Take a restaurant for example: By its nature, a restaurant has high non-payroll costs (e.g., rent) and may have relatively low payroll costs (servers often make minimum wage). After the Pandemic hit, the CARES Act increased unemployment by $600 per week (over and above state unemployment) regardless of a recipients previous earnings. As a result, in some cases, low-wage earners are actually making more money on unemployment than they were when employed, thus giving them no reason to go back to work, especially if a business was shut down due to COVID-19 (like many restaurants were).
The PPP forces restaurants to bring back employees and put them on payroll, resulting in them actually receiving less income than they were receiving when on unemployment. At the same time, the expense the business really needs relief from is rent, and these types of non-payroll expenses are limited to 25% of the loan forgiveness amount. In the end, the employees made less money and the restaurant was unable to get most of its critical expenses paid and forgiven. This scenario happened over and over again in the middle market in ways that many could not have predicted.
Enter the proposed solution: Changes to the PPP to correct for some of these issues were first introduced in the HEROS Act, a bill largely drafted by house Democrats and that has completely stalled in the senate. The HEROS Act is a massive $3 trillion bill (larger than the CARES Act) that introduced a wide variety of stimulus measures. The bill contained pragmatic PPP changes that would have solves the issue above, but it wound up being a victim of the political process. To combat this, the Paycheck Protection Flexibility Act was introduced. It is a standalone piece of legislation that largely carves the PPP changes out of the HEROS Act. This Forbes article outlines the background of the issues and many of the bipartisan proposed changes.
This bill apparently has bipartisan support (including the President) and we have heard from multiple sources that it may be voted on as early as next week. The changes would be VERY meaningful for all borrowers – here are some:
- Extend the covered period from 8 weeks to 24 weeks.

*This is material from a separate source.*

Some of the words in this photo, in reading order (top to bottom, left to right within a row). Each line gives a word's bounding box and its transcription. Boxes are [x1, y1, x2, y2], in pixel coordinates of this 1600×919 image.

- Remove the “75% rule”, therefore non-payroll costs will not be limited to 25% of all costs incurred.
- Extend the repayment terms from 2 years to a longer term. The CARES Act allowed for “up to” 10 years to repay loan proceeds that were not forgiven.

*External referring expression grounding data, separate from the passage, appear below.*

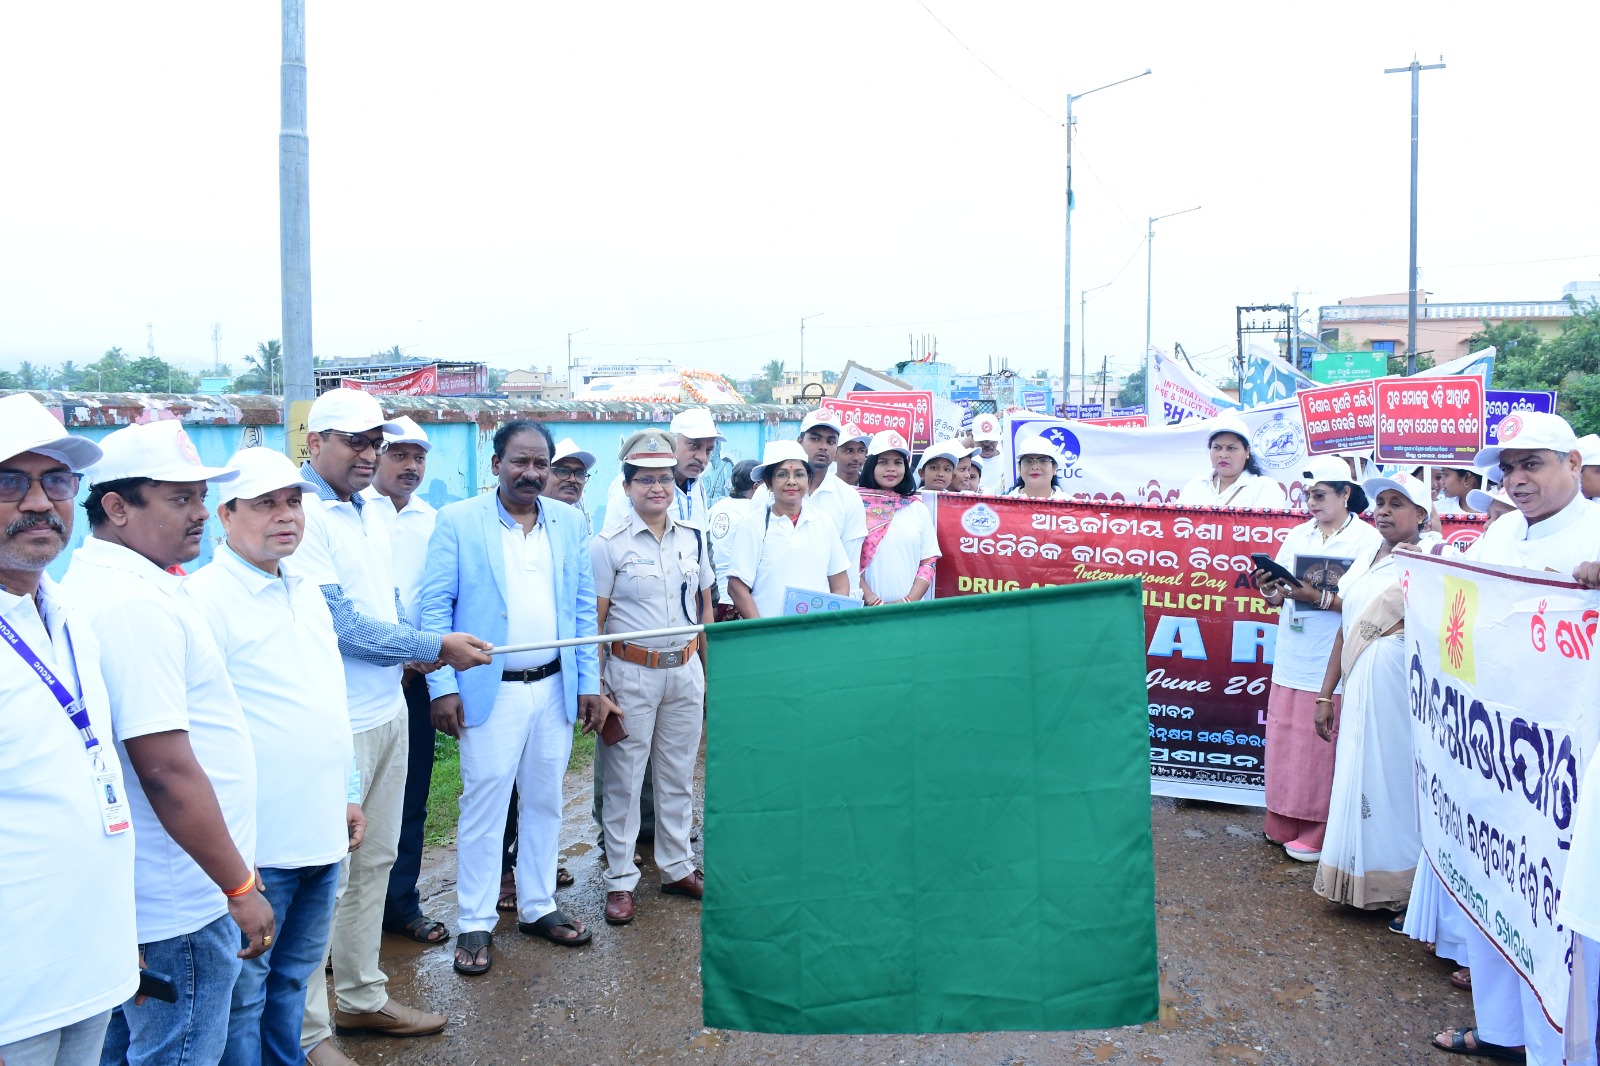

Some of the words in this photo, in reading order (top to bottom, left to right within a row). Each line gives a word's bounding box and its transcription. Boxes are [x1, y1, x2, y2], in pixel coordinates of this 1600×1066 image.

[1178, 395, 1203, 412] ILLICIT
[1031, 513, 1164, 539] ଆନ୍ତର୍ଜାତୀୟ
[1173, 517, 1223, 541] ନିଶା
[959, 533, 1062, 560] ଅନୈତିକ
[1071, 545, 1179, 569] କାରବାର
[958, 576, 1021, 594] DRUG
[1073, 563, 1184, 586] International
[1190, 571, 1228, 592] Day
[1142, 590, 1227, 612] ILLICIT
[33, 661, 56, 685] PECUC
[1146, 668, 1212, 692] June
[1147, 703, 1195, 720] ଜୀବନ

- Enhance the payroll deferral and allow those who received the PPP to continue to benefit from the deferral all the way to the end of 2020 rather than up to the date the loan was forgiven.

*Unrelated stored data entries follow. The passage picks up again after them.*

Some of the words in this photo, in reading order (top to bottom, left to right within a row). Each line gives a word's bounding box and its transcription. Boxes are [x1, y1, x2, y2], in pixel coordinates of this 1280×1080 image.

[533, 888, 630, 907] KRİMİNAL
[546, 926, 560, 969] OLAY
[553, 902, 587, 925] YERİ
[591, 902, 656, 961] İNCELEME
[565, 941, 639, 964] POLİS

- Extend the rehiring rule to allow companies to rehire employees past June 30 and therefore obtain a greater forgiveness amount.
We are watching this closely and will report if we see changes or momentum relating to this bill.
Reminder Section: (what should I be doing):
- Call your payroll company about claiming the payroll tax deferrals and employee retention credits that were made available in the CARES Act.
- Talk to your payroll company about the Sick Pay Bill (passed prior to the CARE Bill).
- Be in constant communication with your bank (about status of your PPP application).
- Consider speaking with your bank to discuss changes to terms of existing debt facilities. The banking system remains strong.
- If you have already applied for the PPP, start forecasting how you intend to spend the funds and how to qualify for the highest amount of forgiveness possible.